“Özür”lü Diplomasi

Şu meşhur düğmeye basma hikayesi sanki doğru gibi. Beklenmedik anlarda, zincirleme gelişince bazı olaylar, insan böyle düşünüyor, ister istemez. Önce, Avustralya başbakanı, ülkesinde yıllarca kötü muamele gören “ingiliz çocuklar”dan özür diledi, malum. İngiliz imparatorluğu, sömürge ülkelere, daha iyi yaşam koşulları vaadiyle binlerce çocuk yollamış, bu çocuklar gittikleri o ülkelerde taciz dahil her türlü kötü muameleyle karşılaşmışlardı. Avustralya da bu çocukların yollandığı ülkelerden biriydi. Artık yaşını başını almış o “çocuklar”dan bazılarının da hazır bulunduğu bir toplantıda duygusal bir konuşmayla özür dilemişti Avustralya başbakanı. Acıları dindirmese de yine de anlamlı bir özürdü bu.
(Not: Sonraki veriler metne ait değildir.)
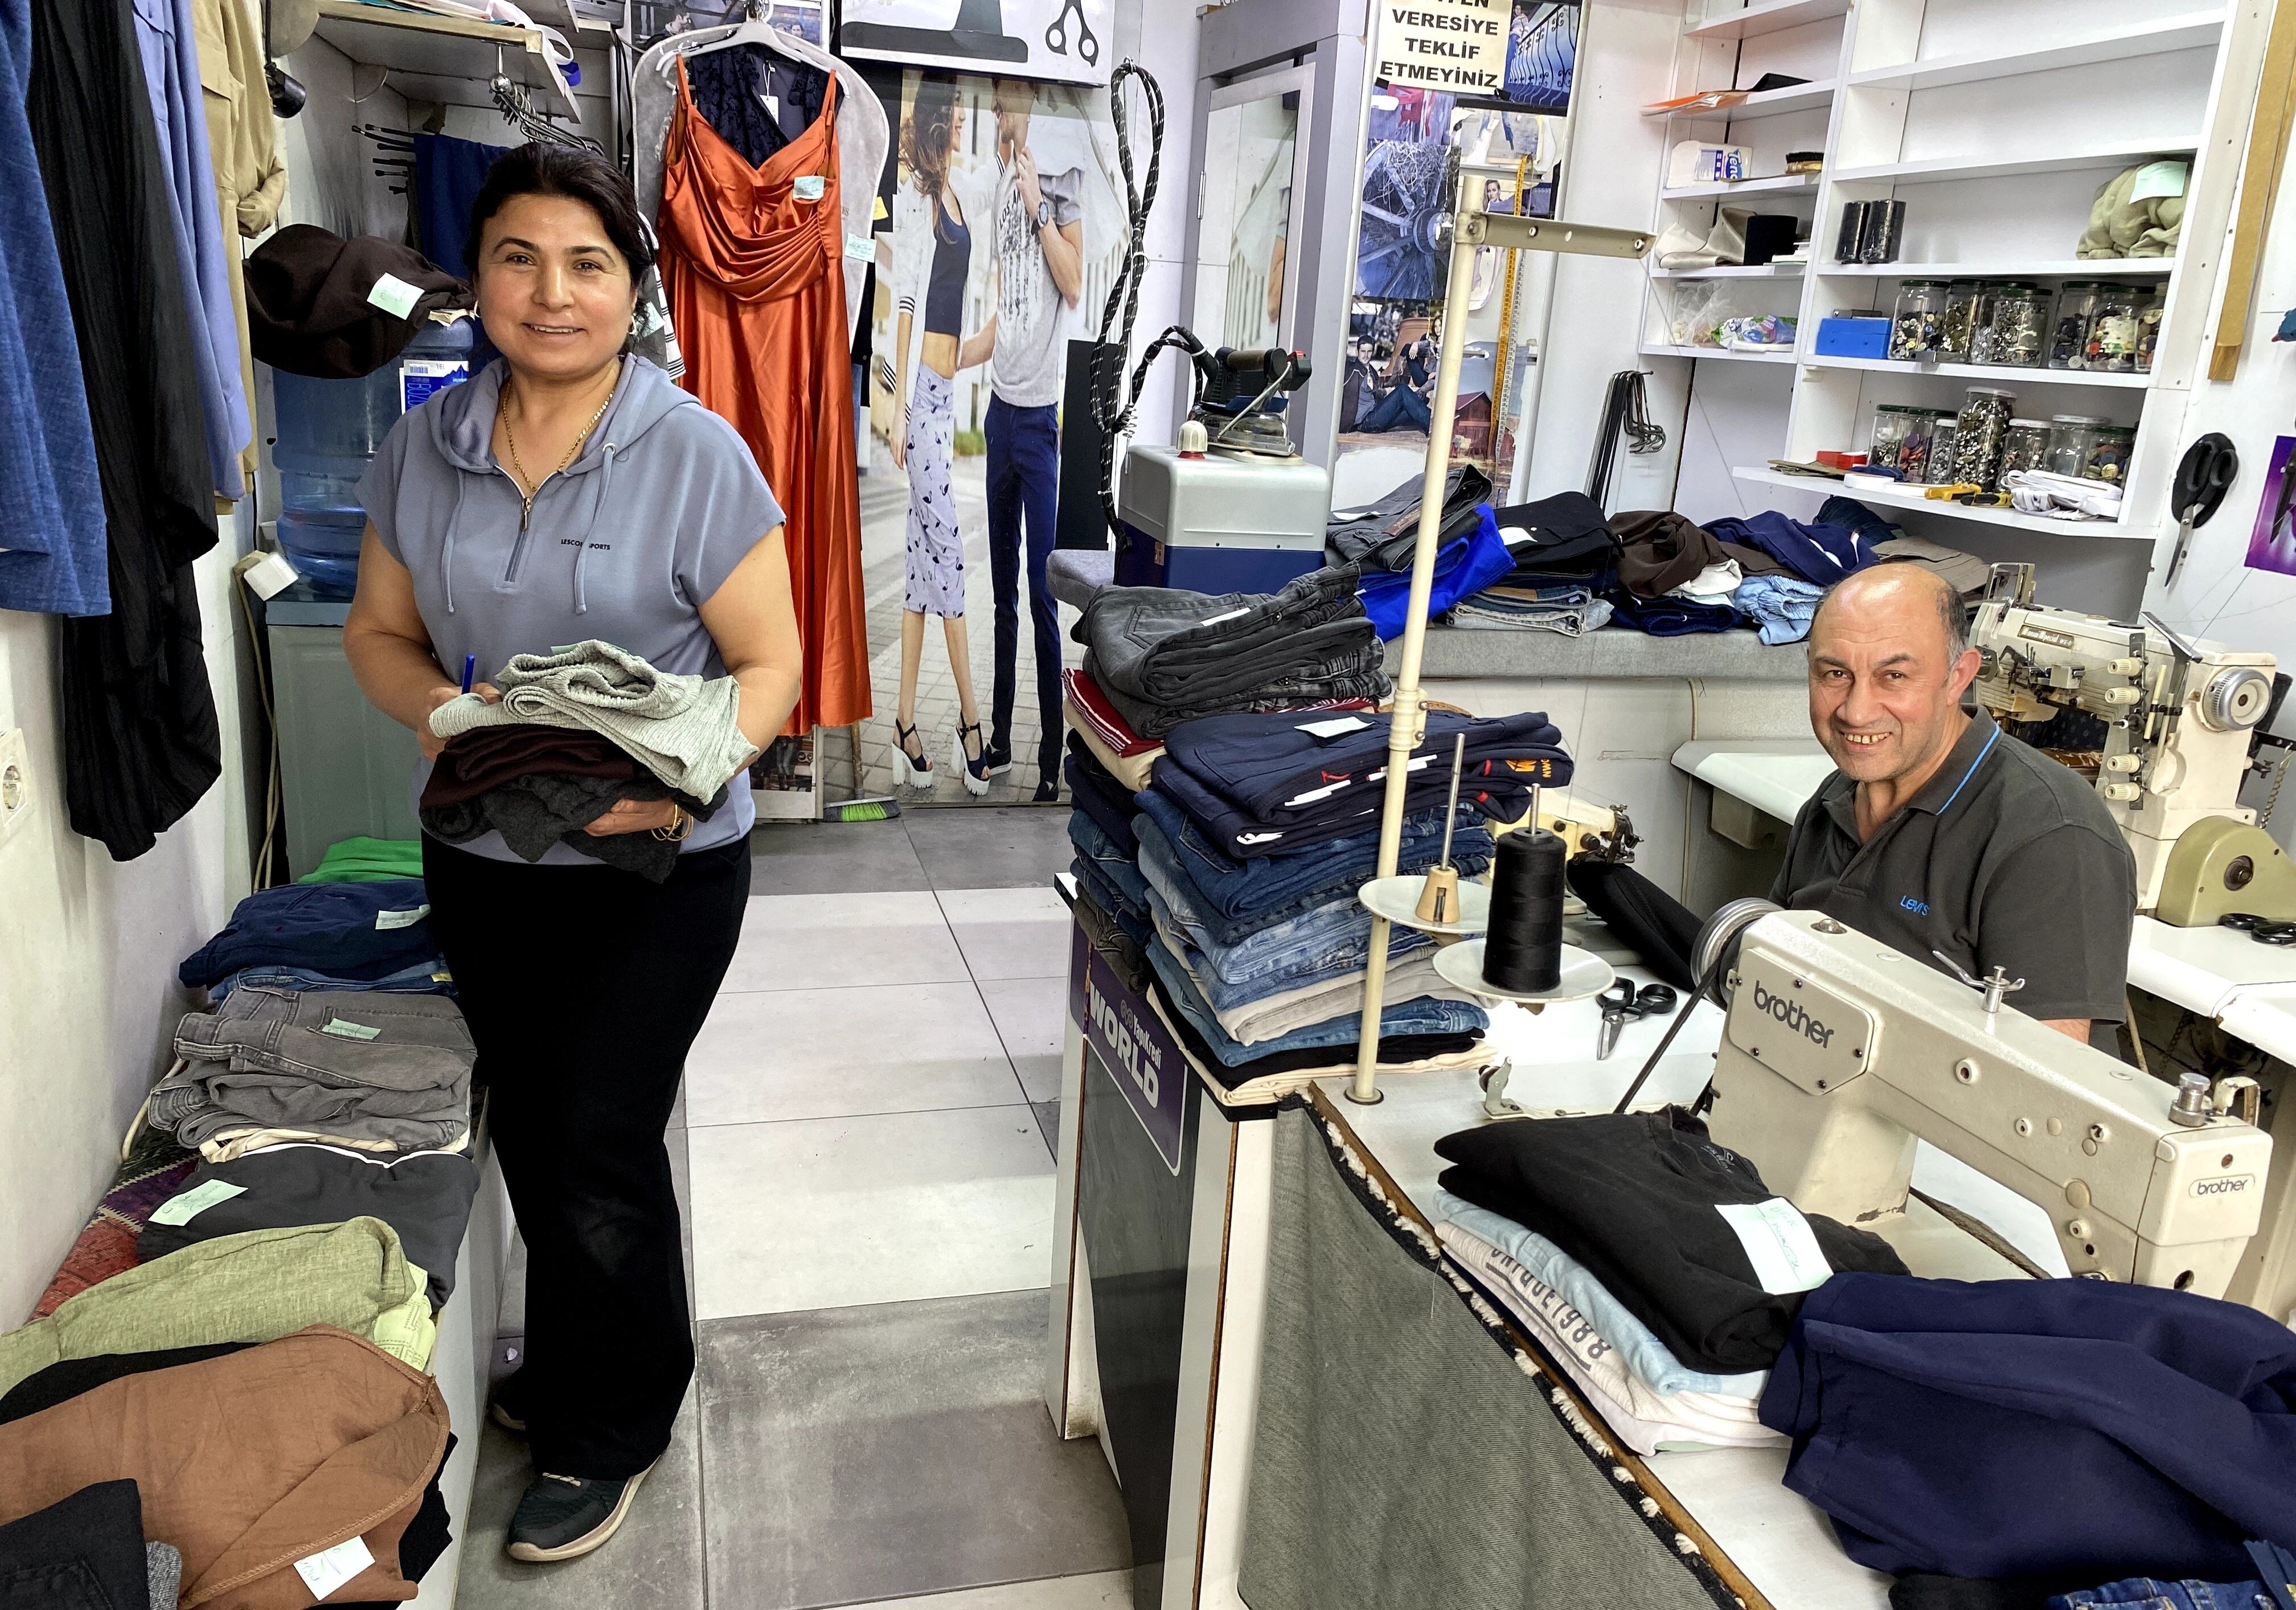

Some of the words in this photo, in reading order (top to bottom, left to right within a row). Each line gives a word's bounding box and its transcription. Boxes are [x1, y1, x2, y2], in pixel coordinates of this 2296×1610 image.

[1392, 9, 1498, 35] VERESİYE
[1405, 38, 1480, 59] TEKLİF
[1380, 61, 1498, 87] ETMEYİNİZ
[1754, 980, 1835, 1049] brother
[1090, 980, 1159, 1108] WORLD
[2197, 1179, 2248, 1195] brother
Kurbanları, umarım, hiç değilse manevi anlamda rahatlamışlardır.

Özür meselesinde zincirin ikinci halkasını Peru oluşturuyor. Adı geçen ülkenin Cumhurbaşkanı Alan Garcia da, 16. yüzyıldan beri Peru’da yaşayan siyahlara karşı ırkçı, dıştalayıcı tavır aldıkları için Peru halkı adına siyah vatandaşlarından özür diledi.
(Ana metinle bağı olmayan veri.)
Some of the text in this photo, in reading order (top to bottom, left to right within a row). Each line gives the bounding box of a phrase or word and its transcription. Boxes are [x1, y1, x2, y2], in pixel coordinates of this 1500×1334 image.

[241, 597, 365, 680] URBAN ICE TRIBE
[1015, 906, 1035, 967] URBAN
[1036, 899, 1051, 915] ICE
Kötü gelişmeler değil tabii bunlar. Ayrıca bunlar da birer açılım elbette. Köle ticaretiyle elde edilmesi gereken herşey kazanıldıktan, önlenmesi bir hayli zor ayrım derinleştikten, ABD’de başkanlığa bir ‘siyah’ seçildikten, kısaca Basra Harap Olduktan sonra (Bad’el harab-ül Basra) gelen bir özür olduğu için ne kadar “yara sarıcı olur” bilinmez ama yine de fena olmamış.
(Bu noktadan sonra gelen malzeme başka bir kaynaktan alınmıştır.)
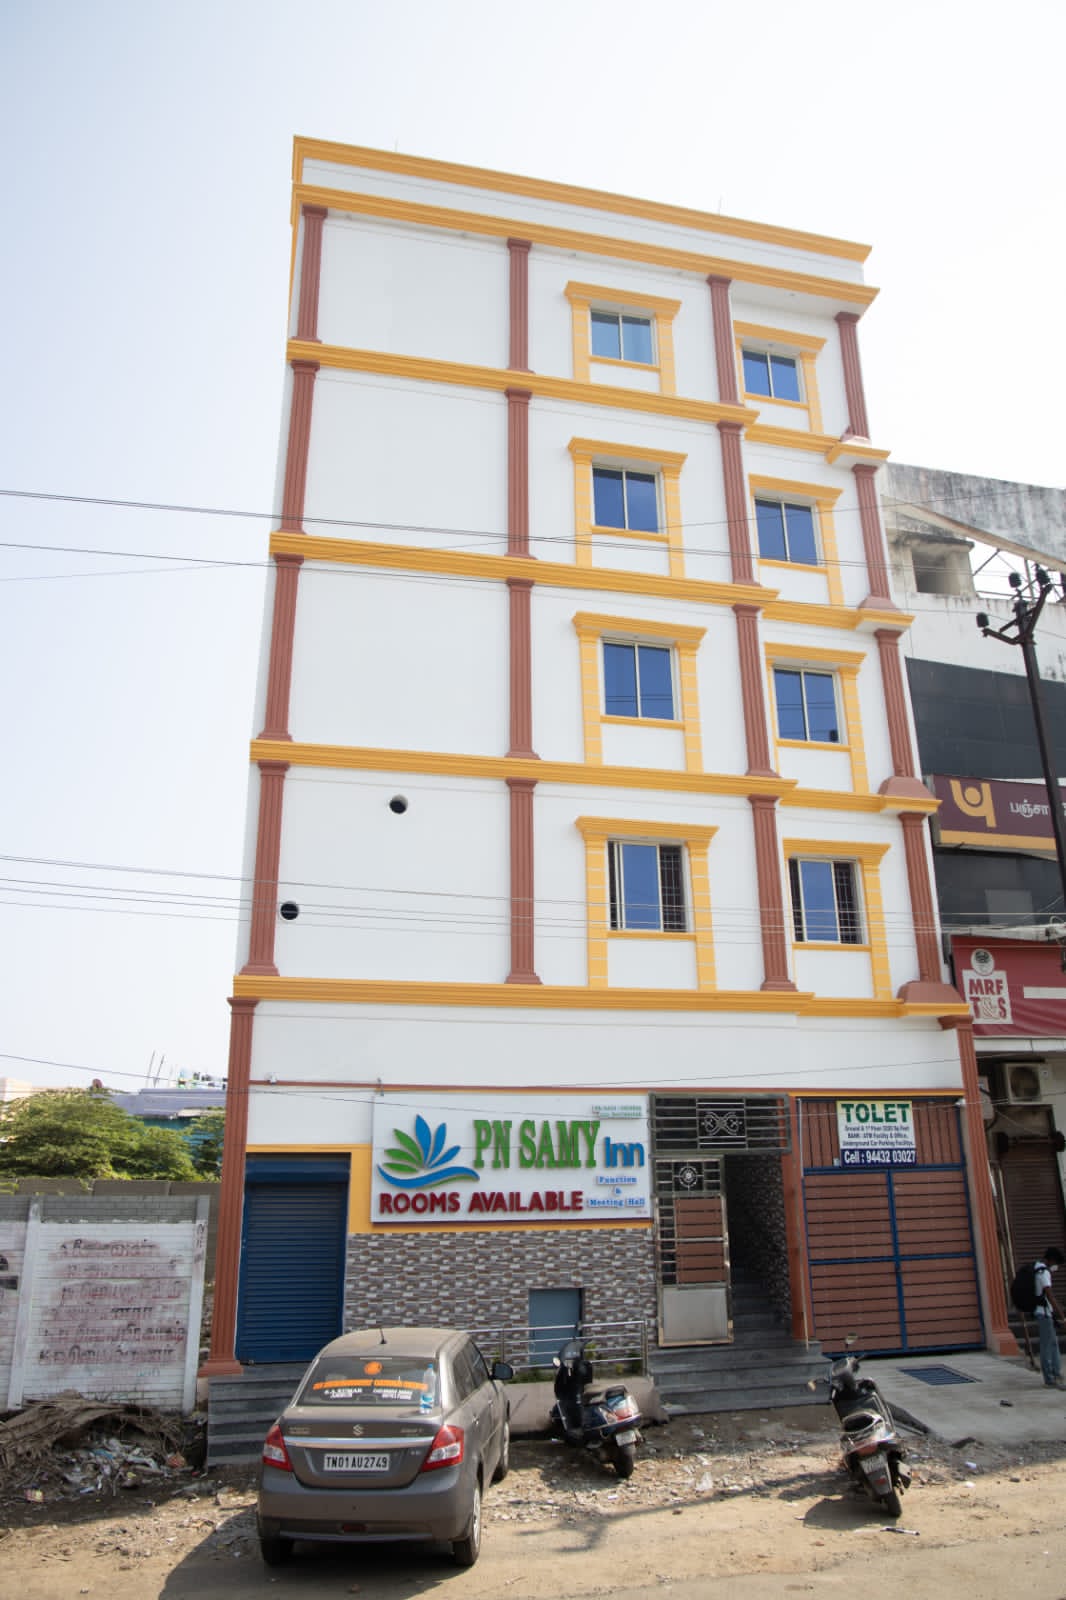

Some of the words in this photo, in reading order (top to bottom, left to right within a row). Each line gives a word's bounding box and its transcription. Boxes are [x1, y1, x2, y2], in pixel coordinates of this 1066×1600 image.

[1009, 799, 1049, 818] பஞ்சா
[968, 979, 1004, 995] MRF
[473, 1119, 512, 1169] PN
[519, 1119, 600, 1169] SAMY
[604, 1136, 645, 1167] Inn
[844, 1150, 860, 1164] Cell
[379, 1192, 461, 1214] ROOMS
[468, 1191, 583, 1213] AVAILABLE
Egemenin özür dilemesi de şımarıkça oluyor, bu inkar edilemez. ABD bu tür özür konusunda ince diplomasiler geliştirmiş bir ülke olarak başı çekiyor haliyle. ABD’nin Türk Deniz Kuvvetleri’ne mensup Muavenet zırhlısını, koca denizde, bilgisayarla hedef saptandığı için yanılma payı da yokken vurup batırmasının ardından Türkiye’den dilediği özür, “keşke geminiz orda olmasaydı” türünden cümlelerle geldi ki, emperyal şımarıklık konusunda bir fikrimizin oluşması biraz da o olayla ilgilidir. Özrü kabahatinden büyük tesbiti ABD için türetilmiş bir vecizedir dense, inanırım. Japonya’nın da Koreli kadınlardan, onlara tecavüz eden Japon askerleri yüzünden özür dilemesi de, Güneş İmparatorluğu’nun ayıbını kabul etmesidir kuşkusuz, ama keşke özrün yanında, tecavüz kurbanı kadınlara, istedikleri tazminatı da verebilseydi Japonya. Çünkü samimiyet, pratik jestlerle daha da inandırıcı kılınabilecek bir tutumdur.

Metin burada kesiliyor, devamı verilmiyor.